Luke began receiving special education services in 2000 when he started kindergarten. According to the facts outlined by the court, while Luke made some progress in school, his behavior outside of school and at home seriously regressed from 2000 to 2003. Concerned that as he grew older this behavior would only get worse; in the fall of 2003, his parents located a residential school in Boston that specializes in educating children with autism. At an IEP review meeting with the school district in December 2003, the parents proposed a list of new IEP goals for Luke and believing that Luke needed the structure and support of a residential school, his parents requested a residential school placement. The school district generally accepted the proposed IEP goals, but denied the residential school placement. Luke’s parents withdrew Luke from the public school system and enrolled him in the residential school in Boston in January 2004. They then requested a due process hearing to obtain payment from the school district for the residential school.
The parents prevailed at the hearing, a State level review, and in federal district court. At each stage the hearing officer or judge determined that while Luke was making some progress in school, he was unable to generalize or transfer the skills he learned in school to his home or other settings outside of school. Thus, placement in a residential school was necessary for Luke to receive a free appropriate education and the school district must reimburse the family for that school’s tuition. The school district appealed to the 10th Circuit.
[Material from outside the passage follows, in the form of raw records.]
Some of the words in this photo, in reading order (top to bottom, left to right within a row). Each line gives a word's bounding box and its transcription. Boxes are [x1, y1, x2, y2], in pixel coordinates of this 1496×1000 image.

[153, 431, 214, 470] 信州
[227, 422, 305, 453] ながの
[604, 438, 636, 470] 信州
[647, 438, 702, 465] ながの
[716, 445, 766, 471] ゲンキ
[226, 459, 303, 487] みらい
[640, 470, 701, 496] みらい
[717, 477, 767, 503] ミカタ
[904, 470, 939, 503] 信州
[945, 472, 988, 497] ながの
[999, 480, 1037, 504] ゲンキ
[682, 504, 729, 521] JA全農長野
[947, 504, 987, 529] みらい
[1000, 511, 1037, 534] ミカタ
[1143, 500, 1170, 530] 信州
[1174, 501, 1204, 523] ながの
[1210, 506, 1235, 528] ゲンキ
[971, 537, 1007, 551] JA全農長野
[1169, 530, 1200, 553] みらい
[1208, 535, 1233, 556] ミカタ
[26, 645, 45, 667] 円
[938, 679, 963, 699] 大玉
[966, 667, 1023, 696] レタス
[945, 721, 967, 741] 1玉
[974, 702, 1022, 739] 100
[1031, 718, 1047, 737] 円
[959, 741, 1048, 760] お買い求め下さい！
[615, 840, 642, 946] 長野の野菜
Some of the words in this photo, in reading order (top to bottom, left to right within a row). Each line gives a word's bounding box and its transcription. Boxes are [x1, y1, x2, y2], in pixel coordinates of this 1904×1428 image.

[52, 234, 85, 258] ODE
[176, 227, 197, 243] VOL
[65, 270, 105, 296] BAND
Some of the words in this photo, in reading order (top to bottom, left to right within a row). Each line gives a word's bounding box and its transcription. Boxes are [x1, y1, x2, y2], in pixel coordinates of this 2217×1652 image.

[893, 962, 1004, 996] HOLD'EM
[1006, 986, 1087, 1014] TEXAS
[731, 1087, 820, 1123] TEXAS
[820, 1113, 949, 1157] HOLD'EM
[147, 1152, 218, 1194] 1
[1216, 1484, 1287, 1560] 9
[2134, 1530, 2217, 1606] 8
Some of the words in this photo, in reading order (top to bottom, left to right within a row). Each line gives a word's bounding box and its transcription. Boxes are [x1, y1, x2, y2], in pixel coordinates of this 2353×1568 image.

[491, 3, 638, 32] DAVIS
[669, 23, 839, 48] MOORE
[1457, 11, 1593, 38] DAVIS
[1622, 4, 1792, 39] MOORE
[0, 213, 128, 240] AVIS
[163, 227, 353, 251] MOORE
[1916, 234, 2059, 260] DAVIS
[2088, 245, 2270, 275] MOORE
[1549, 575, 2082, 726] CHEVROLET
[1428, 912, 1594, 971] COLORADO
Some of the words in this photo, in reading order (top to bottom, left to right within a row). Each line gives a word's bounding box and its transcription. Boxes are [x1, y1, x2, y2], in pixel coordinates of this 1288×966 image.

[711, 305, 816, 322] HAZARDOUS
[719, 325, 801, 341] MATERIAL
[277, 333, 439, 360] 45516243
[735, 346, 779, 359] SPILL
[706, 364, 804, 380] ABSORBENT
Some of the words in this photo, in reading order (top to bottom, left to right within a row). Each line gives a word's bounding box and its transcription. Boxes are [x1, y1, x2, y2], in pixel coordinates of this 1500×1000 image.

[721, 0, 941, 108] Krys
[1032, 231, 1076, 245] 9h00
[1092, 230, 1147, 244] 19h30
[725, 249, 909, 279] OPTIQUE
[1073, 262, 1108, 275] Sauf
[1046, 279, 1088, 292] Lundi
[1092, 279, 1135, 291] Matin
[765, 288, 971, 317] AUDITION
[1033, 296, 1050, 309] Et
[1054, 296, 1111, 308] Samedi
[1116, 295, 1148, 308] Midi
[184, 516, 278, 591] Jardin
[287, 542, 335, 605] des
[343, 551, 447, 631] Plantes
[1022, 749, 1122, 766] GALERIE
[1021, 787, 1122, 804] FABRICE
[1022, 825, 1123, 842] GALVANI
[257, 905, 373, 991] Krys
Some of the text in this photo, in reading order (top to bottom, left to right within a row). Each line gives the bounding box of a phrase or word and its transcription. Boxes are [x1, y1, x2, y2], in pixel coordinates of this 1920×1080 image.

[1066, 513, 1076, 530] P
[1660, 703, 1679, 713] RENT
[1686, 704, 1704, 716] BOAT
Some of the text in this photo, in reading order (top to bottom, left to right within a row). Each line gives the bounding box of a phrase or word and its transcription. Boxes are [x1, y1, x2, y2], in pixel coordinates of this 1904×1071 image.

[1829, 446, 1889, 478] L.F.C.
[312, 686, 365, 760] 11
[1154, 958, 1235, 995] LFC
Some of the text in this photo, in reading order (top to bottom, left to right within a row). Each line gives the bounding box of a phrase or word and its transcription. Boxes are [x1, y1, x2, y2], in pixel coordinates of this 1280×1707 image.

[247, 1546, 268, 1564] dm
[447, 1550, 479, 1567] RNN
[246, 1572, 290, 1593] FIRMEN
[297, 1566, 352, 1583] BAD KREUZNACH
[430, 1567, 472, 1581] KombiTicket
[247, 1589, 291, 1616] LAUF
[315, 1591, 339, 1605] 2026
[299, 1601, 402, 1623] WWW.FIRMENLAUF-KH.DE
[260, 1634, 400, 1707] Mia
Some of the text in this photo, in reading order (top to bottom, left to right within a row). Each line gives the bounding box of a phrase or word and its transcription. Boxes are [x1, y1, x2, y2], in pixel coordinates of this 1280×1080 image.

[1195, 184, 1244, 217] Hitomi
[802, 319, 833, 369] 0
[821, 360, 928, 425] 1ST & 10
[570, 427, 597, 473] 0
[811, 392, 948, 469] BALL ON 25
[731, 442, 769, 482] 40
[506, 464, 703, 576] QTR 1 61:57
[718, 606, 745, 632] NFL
Basically, the 10th Circuit applied the Supreme Court’s standard as stated in Board of Education v. Rowley for determining whether a student is receiving a free appropriate public education under the IDEA. In Rowley the Supreme Court directed courts to look at whether the student’s IEP is reasonably calculated to enable the student to receive educational benefits. The 10th Circuit then looked (too narrowly in my view) at whether Luke was making progress on his IEP goals and thus receiving educational benefit. The Court declared: “Though one can well argue that generalization is a critical skill for self-sufficiency and independence, we cannot agree with appellees that IDEA always attaches essential importance to it.” So, despite the fact that Luke’s IEP did not adequately address his inability to generalize the behavior he learned at school to his home and other settings, the Court stated that since Luke was making “some” progress in school, he was offered an appropriate education by the school district. Based on the fact that Luke was making “some” progress, the 10th circuit reversed the district courts order that the school district reimburse Luke’s parents for the costs of the residential school placement.
I believe this decision defines educational benefit too narrowly. I think the fact that Luke was making “some” progress on his IEP goals is insignificant, if, without more intensive services, he would not be able to generalize what he learned in school to other settings. Under this interpretation, despite providing services, Luke’s school program achieves little more than day care. At the end of his school years he will not become more independent in the real world. While Luke may have made, in the Court’s words, “some” progress, he will not have made any real progress. This decision can be appealed to the United States Supreme Court and I believe the parents’ attorneys are considering whether to take that step.